** Opening Stored data block **

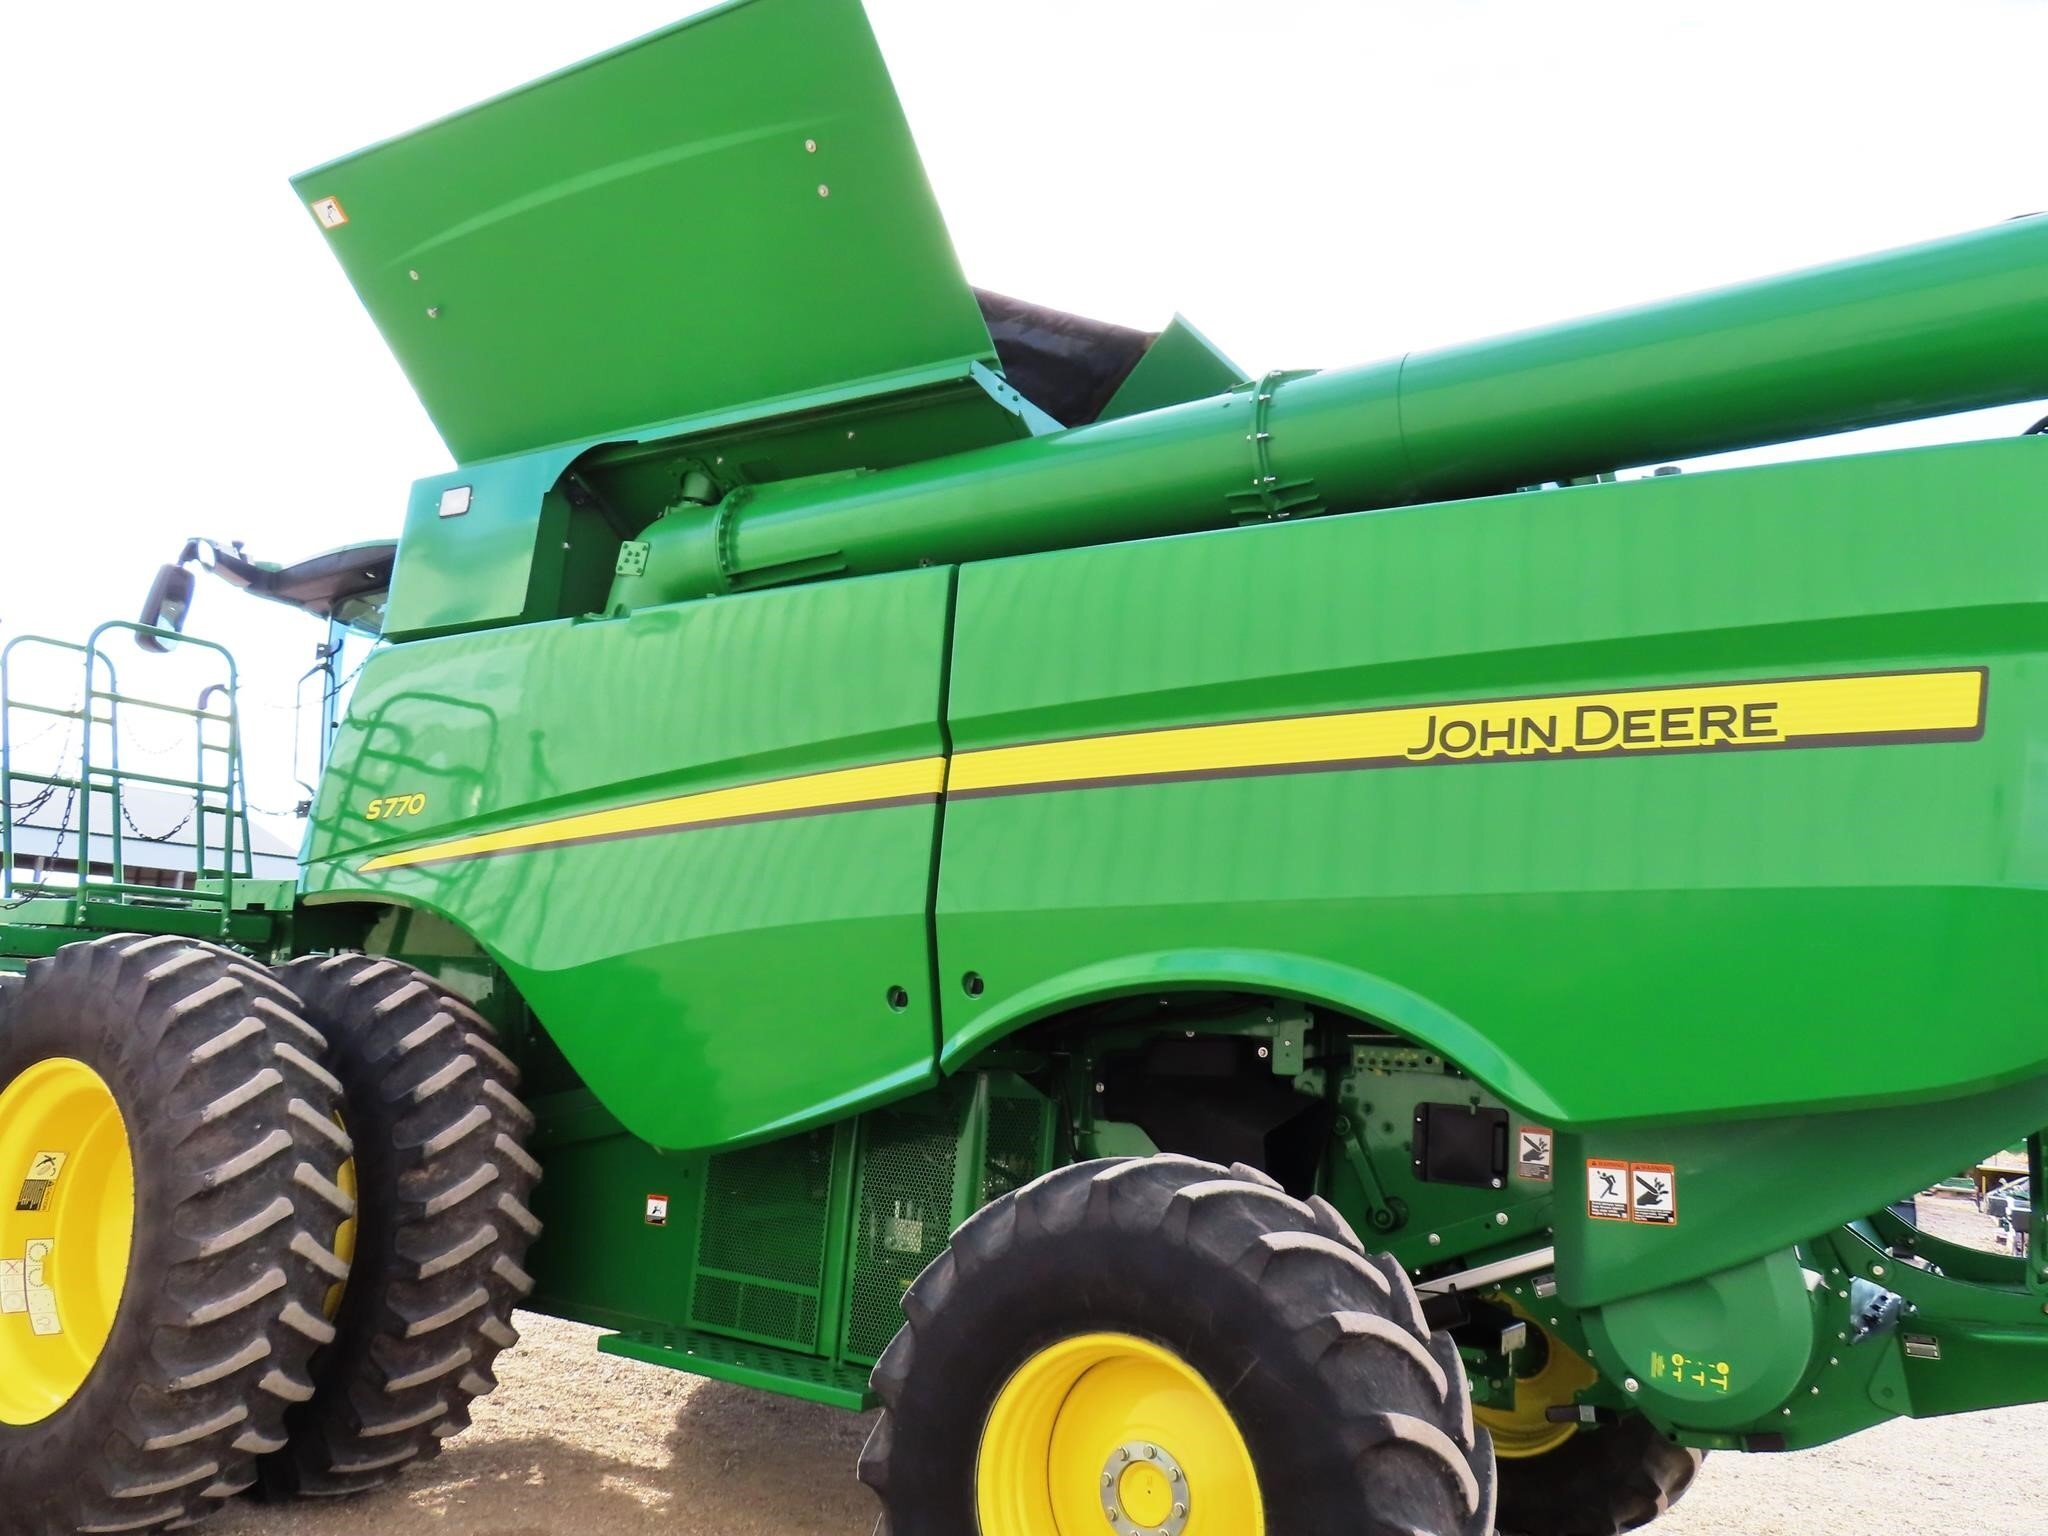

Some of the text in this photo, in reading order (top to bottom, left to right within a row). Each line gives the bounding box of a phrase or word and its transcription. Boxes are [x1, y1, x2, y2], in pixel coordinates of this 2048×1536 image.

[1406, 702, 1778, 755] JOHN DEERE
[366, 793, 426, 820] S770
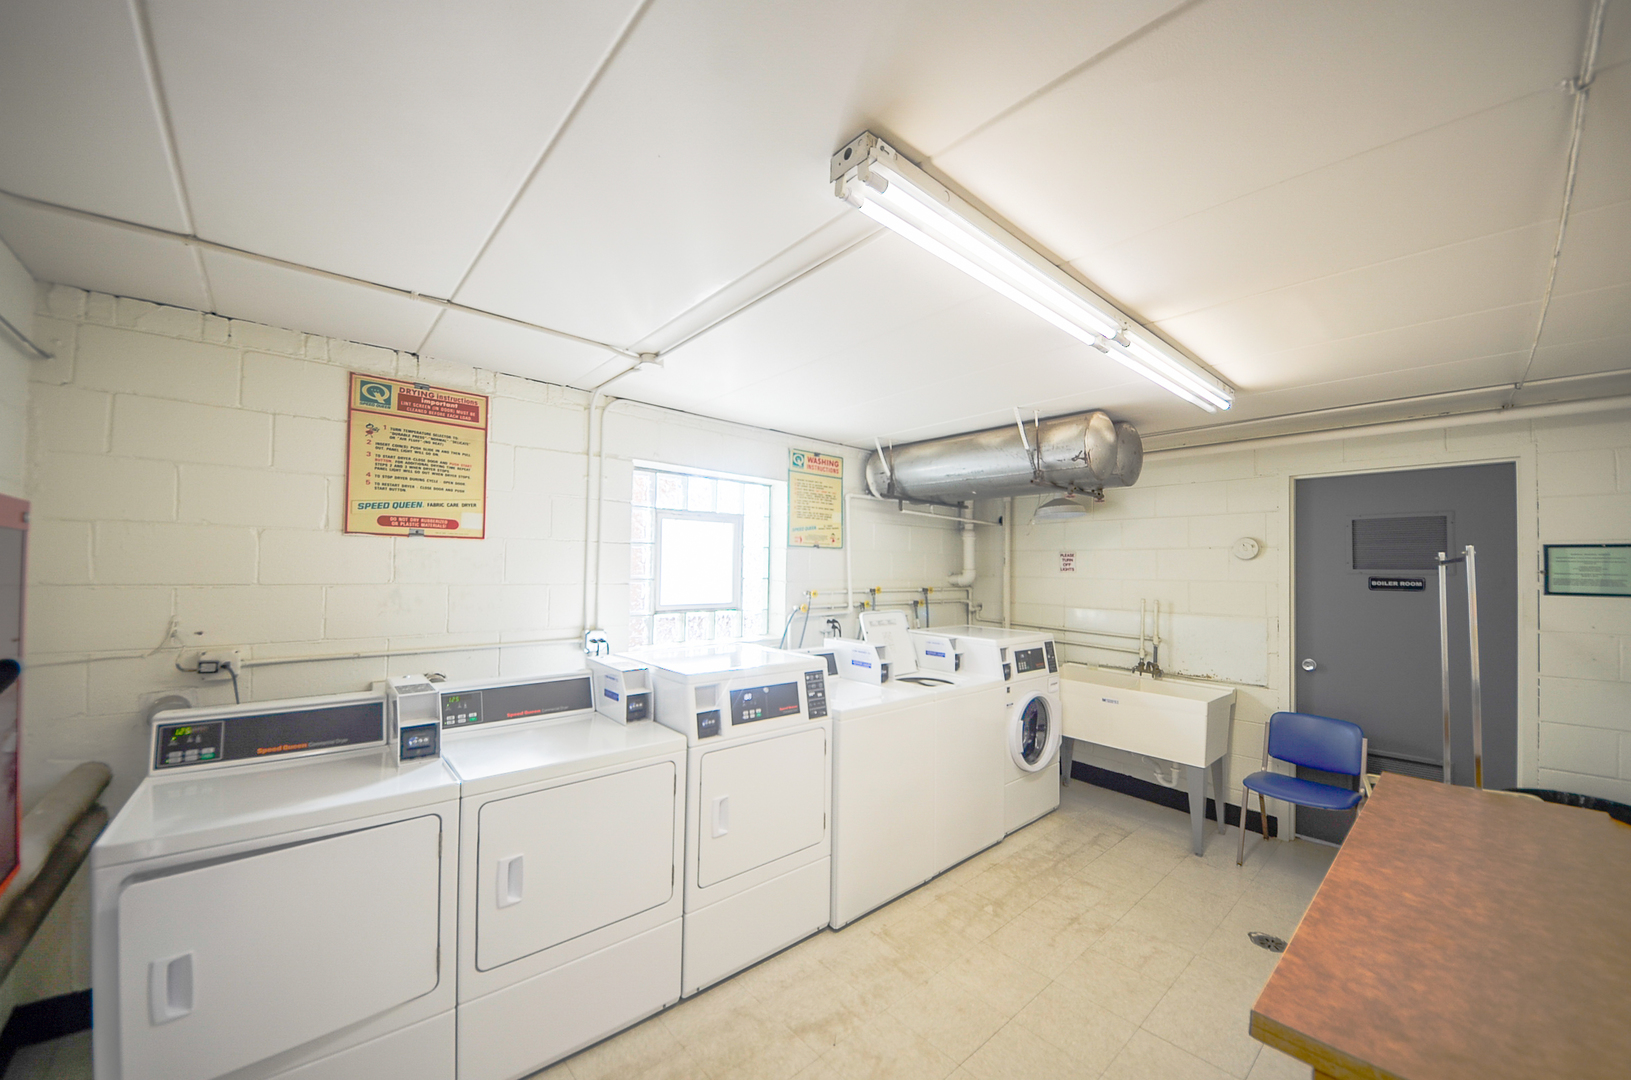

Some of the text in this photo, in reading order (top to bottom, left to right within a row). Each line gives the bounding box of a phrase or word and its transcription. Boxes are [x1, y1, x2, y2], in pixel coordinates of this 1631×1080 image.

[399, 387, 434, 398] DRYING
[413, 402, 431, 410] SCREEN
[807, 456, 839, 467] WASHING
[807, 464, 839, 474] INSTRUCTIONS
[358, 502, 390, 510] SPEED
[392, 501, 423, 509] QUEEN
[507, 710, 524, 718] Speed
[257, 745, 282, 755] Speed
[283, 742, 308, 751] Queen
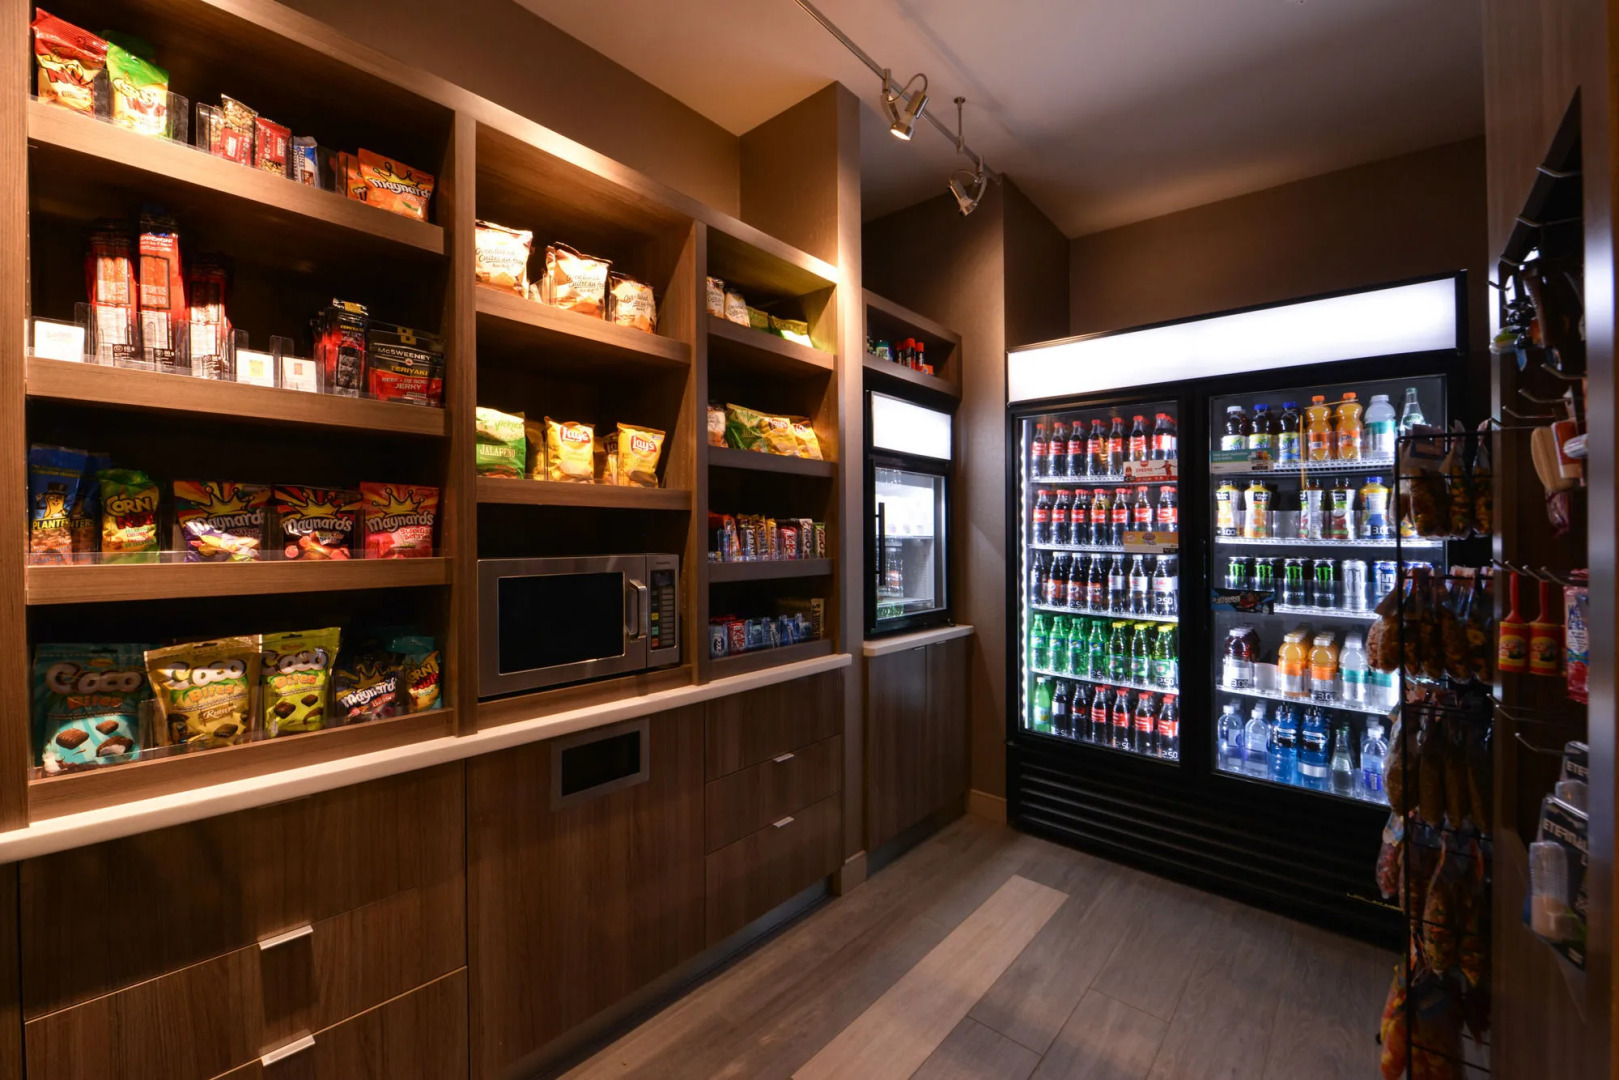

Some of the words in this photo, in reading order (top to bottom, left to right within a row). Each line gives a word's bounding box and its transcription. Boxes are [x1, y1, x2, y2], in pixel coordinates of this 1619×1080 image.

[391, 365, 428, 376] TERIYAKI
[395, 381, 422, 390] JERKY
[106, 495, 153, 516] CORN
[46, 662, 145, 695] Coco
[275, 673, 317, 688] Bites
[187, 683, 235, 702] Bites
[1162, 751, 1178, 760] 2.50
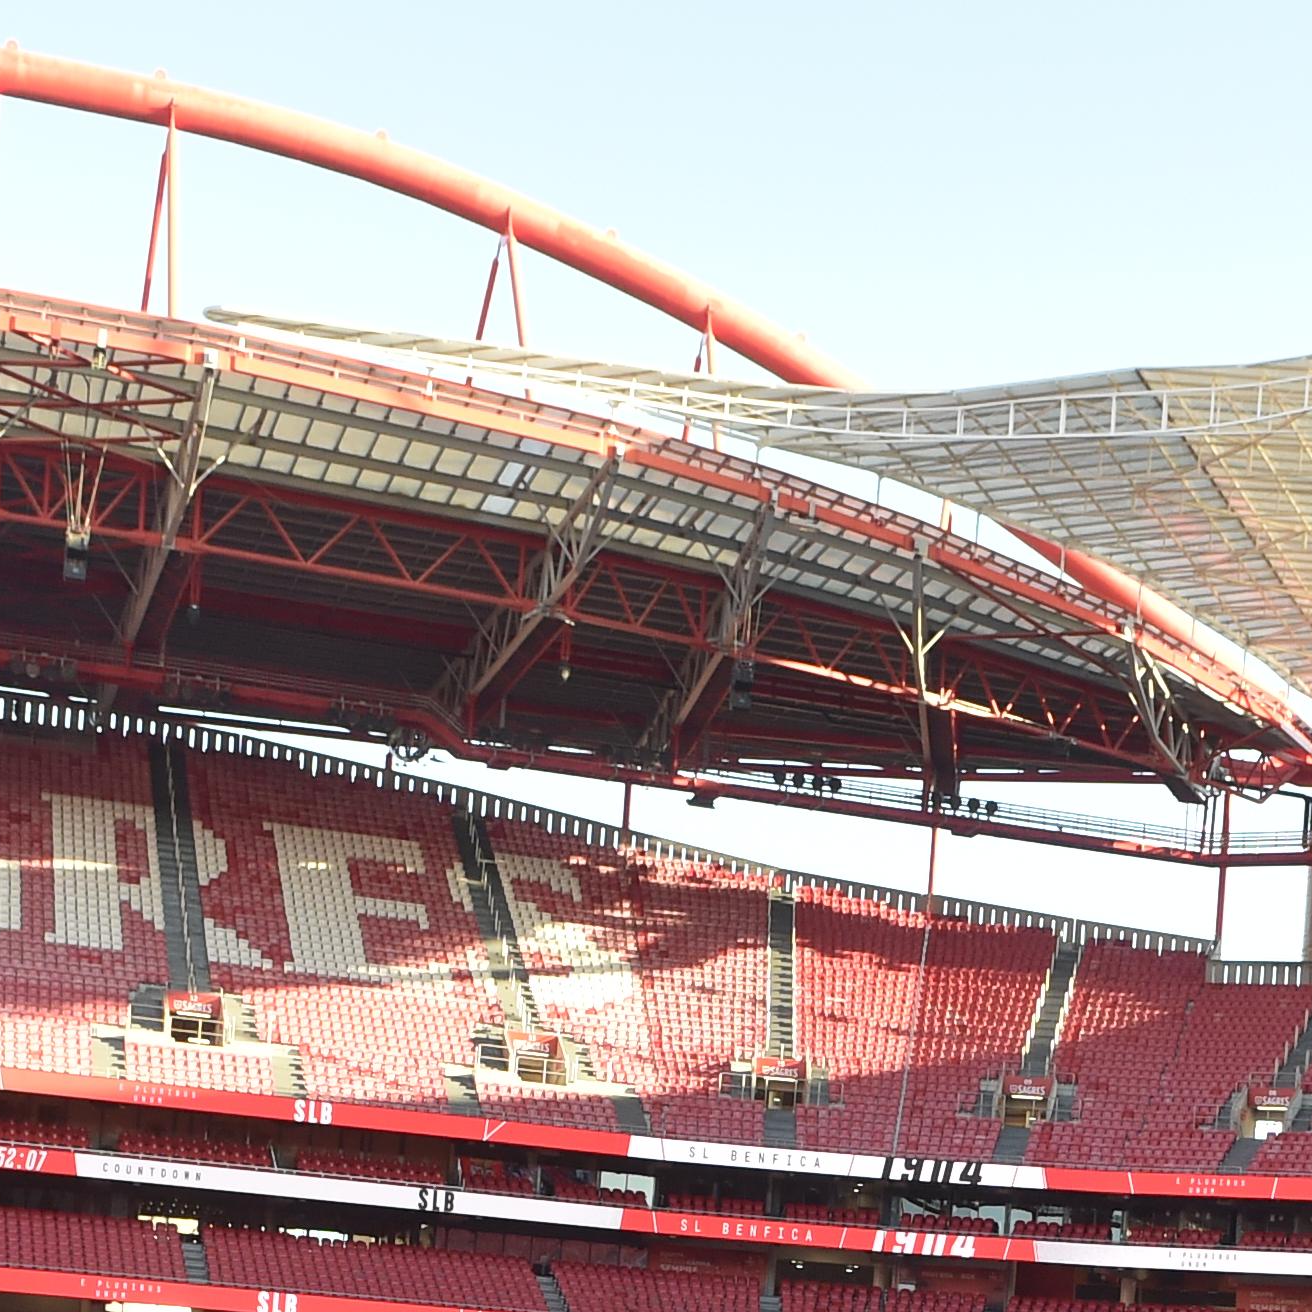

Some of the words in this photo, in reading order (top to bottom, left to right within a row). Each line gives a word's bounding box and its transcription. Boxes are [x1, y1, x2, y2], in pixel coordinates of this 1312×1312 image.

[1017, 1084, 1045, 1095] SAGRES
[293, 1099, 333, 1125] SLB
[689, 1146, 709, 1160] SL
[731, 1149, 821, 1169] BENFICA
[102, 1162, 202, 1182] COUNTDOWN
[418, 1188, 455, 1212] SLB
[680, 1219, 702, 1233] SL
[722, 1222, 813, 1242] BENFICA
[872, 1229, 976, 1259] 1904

** Closing Stored data block **

Task directions:
All entries must come back exactly as written, though without their pictures.

Solution to this exercise:
Some of the text in this photo, in reading order (top to bottom, left to right within a row). Each line gives the bounding box of a phrase or word and its transcription. Boxes are [x1, y1, x2, y2], in pixel coordinates of this 2048×1536 image.

[1406, 702, 1778, 755] JOHN DEERE
[366, 793, 426, 820] S770

Some of the text in this photo, in reading order (top to bottom, left to right within a row). Each line gives the bounding box of a phrase or word and its transcription. Boxes are [x1, y1, x2, y2], in pixel coordinates of this 1631×1080 image.

[399, 387, 434, 398] DRYING
[413, 402, 431, 410] SCREEN
[807, 456, 839, 467] WASHING
[807, 464, 839, 474] INSTRUCTIONS
[358, 502, 390, 510] SPEED
[392, 501, 423, 509] QUEEN
[507, 710, 524, 718] Speed
[257, 745, 282, 755] Speed
[283, 742, 308, 751] Queen

Some of the words in this photo, in reading order (top to bottom, left to right within a row). Each line gives a word's bounding box and its transcription. Boxes are [x1, y1, x2, y2], in pixel coordinates of this 1619×1080 image.

[391, 365, 428, 376] TERIYAKI
[395, 381, 422, 390] JERKY
[106, 495, 153, 516] CORN
[46, 662, 145, 695] Coco
[275, 673, 317, 688] Bites
[187, 683, 235, 702] Bites
[1162, 751, 1178, 760] 2.50

Some of the words in this photo, in reading order (top to bottom, left to right within a row). Each line gives a word's bounding box and its transcription. Boxes are [x1, y1, x2, y2], in pixel coordinates of this 1312×1312 image.

[1017, 1084, 1045, 1095] SAGRES
[293, 1099, 333, 1125] SLB
[689, 1146, 709, 1160] SL
[731, 1149, 821, 1169] BENFICA
[102, 1162, 202, 1182] COUNTDOWN
[418, 1188, 455, 1212] SLB
[680, 1219, 702, 1233] SL
[722, 1222, 813, 1242] BENFICA
[872, 1229, 976, 1259] 1904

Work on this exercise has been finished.